The resurgence of severe and progressive silicosis among engineered stone benchtop industry workers is a global health crisis. We investigated the link between the physico-chemical characteristics of engineered stone dust and lung cell responses to understand components that pose the greatest risk. Respirable dust from 50 resin-based engineered stones, 3 natural stones and 2 non-resin-based materials was generated and analysed for mineralogy, morphology, metals, resin, particle size and charge. Human alveolar epithelial cells and macrophages were exposed in vitro to dust and assessed for cytotoxicity and inflammation.
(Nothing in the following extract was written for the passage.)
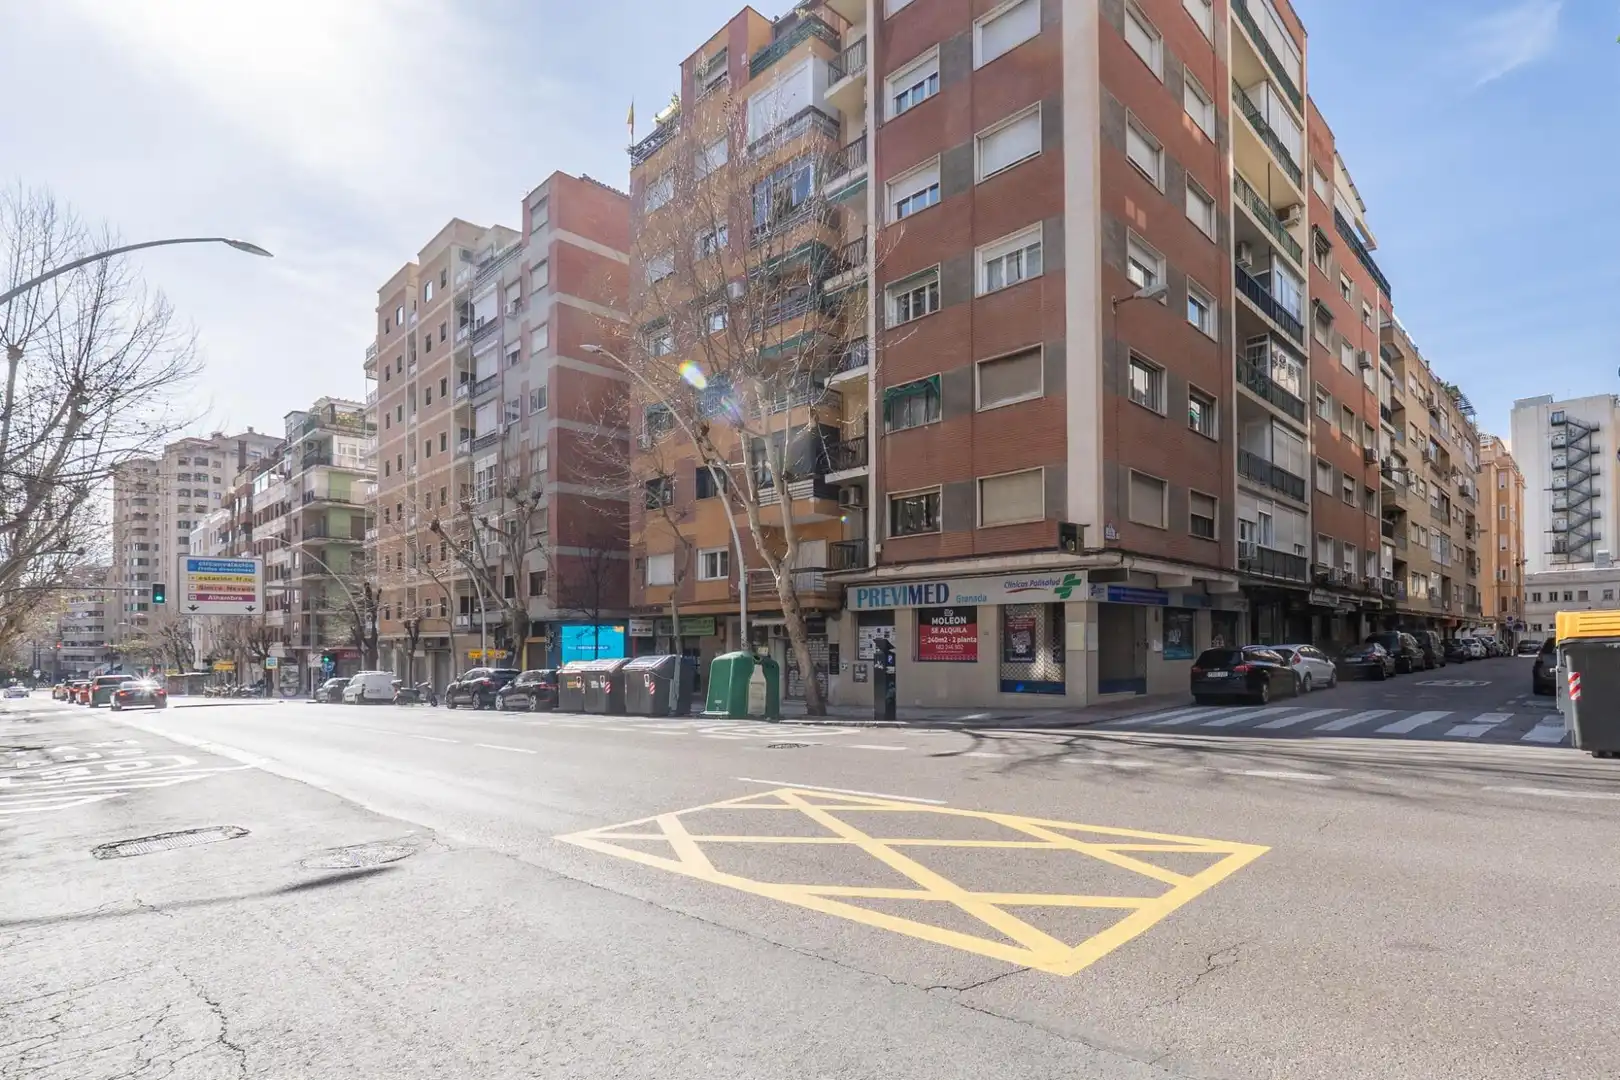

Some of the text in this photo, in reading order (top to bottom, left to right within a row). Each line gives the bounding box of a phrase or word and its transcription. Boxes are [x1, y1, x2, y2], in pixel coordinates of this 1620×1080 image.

[856, 583, 987, 608] PREVIMED Granada
[931, 616, 967, 625] MOLEON
[939, 626, 968, 635] ALQUILA
Principal component analysis and stepwise linear regression were used to explore the relationship between engineered stone components and the cellular response. Cutting engineered stone generated fine particles of <600 nm. Crystalline silica was the main component with metal elements such as Ti, Cu, Co and Fe also present. There was some evidence to suggest differences in cytotoxicity (p = 0.061) and IL-6 (p = 0.084) between dust samples. However, IL-8 (CXCL8) and TNF-α levels in macrophages were clearly variable (p < 0.05). Quartz explained 11% of the variance (p = 0.019) in macrophage inflammation while Co and Al accounted for 32% of the variance (p < 0.001) in macrophage toxicity, suggesting that crystalline silica only partly explains the cell response. Two of the reduced-silica, non-engineered stone products induced considerable inflammation in macrophages. These data suggest that silica is not the only component of concern in these products, highlighting the caution required as alternative materials are produced in an effort to reduce disease risk.